(MATERIAL SHOWN)
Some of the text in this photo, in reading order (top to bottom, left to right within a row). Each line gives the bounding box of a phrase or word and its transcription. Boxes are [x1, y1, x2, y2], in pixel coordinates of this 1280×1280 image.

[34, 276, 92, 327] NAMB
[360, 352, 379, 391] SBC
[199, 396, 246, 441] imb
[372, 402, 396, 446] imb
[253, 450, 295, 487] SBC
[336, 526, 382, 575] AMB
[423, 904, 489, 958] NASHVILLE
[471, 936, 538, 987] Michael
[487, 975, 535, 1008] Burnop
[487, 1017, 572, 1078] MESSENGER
(End MATERIAL SHOWN)
All of the entries should be written out again exactly.

__ANSWER AREA__.
Some of the text in this photo, in reading order (top to bottom, left to right within a row). Each line gives the bounding box of a phrase or word and its transcription. Boxes are [x1, y1, x2, y2], in pixel coordinates of this 1280×1280 image.

[34, 276, 92, 327] NAMB
[360, 352, 379, 391] SBC
[199, 396, 246, 441] imb
[372, 402, 396, 446] imb
[253, 450, 295, 487] SBC
[336, 526, 382, 575] AMB
[423, 904, 489, 958] NASHVILLE
[471, 936, 538, 987] Michael
[487, 975, 535, 1008] Burnop
[487, 1017, 572, 1078] MESSENGER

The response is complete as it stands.